関東地方の美術館・ギャラリーを中心に、現在開催されている展覧会の中でも特におすすめの展示をピックアップ! アートな週末を楽しもう!

Yukino Yamanaka pose 2023 Oil on Canvas 727x606mm

1. ダレン・アーモンド 「Timeline」(SCAI THE BATHHOUSE)
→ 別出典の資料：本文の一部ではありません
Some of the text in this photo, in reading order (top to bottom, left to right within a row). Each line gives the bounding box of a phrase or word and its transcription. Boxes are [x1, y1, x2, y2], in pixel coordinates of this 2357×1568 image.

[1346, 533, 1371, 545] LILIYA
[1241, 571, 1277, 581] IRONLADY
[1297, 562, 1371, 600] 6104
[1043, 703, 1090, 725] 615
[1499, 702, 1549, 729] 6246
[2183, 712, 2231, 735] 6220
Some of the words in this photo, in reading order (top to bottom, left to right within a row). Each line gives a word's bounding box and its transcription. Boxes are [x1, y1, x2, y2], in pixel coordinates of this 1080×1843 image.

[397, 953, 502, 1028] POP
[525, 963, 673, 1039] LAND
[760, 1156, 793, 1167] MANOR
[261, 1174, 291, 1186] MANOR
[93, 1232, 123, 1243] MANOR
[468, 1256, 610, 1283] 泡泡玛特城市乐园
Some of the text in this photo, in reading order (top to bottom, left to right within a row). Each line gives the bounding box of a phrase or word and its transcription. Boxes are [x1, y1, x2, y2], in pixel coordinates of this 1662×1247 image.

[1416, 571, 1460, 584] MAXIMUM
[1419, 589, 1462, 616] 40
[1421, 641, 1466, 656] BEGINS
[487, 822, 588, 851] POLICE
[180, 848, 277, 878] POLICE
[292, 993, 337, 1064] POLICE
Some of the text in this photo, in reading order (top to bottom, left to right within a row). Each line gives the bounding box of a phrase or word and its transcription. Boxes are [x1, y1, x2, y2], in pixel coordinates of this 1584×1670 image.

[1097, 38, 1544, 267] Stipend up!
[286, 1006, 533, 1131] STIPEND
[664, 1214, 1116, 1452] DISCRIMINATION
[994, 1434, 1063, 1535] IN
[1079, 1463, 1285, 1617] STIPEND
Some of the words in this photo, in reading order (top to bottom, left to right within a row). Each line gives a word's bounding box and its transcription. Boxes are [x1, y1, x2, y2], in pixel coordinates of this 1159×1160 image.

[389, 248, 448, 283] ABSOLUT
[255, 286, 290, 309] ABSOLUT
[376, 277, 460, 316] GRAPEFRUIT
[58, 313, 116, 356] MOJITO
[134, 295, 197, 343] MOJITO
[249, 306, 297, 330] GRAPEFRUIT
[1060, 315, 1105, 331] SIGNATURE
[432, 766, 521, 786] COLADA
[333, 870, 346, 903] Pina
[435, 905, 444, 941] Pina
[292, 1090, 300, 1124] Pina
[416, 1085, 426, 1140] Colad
ダレン・アーモンド《 Entropy》2023、麻にアルミニウム、金、銀、アクリル、146 x 102 x 3 cm  協力:SCAI THE BATHHOUSE

5年の歳月をかけて制作した新作も。「時間」について思索するダレン・アーモンドの現在地

イギリス人現代美術作家のダレン・アーモンドは、時間や距離といった、客観的な指標が見過ごしてきた領域に分け入り、個人の記憶や感情、またはその土地の歴史を手がかりに、「時間」について思索を続けてきた。同ギャラリーでは7年ぶりの個展となる本展も、時系列という意味を持つタイトルが示すように複数の時間軸が交差するような展示となっている。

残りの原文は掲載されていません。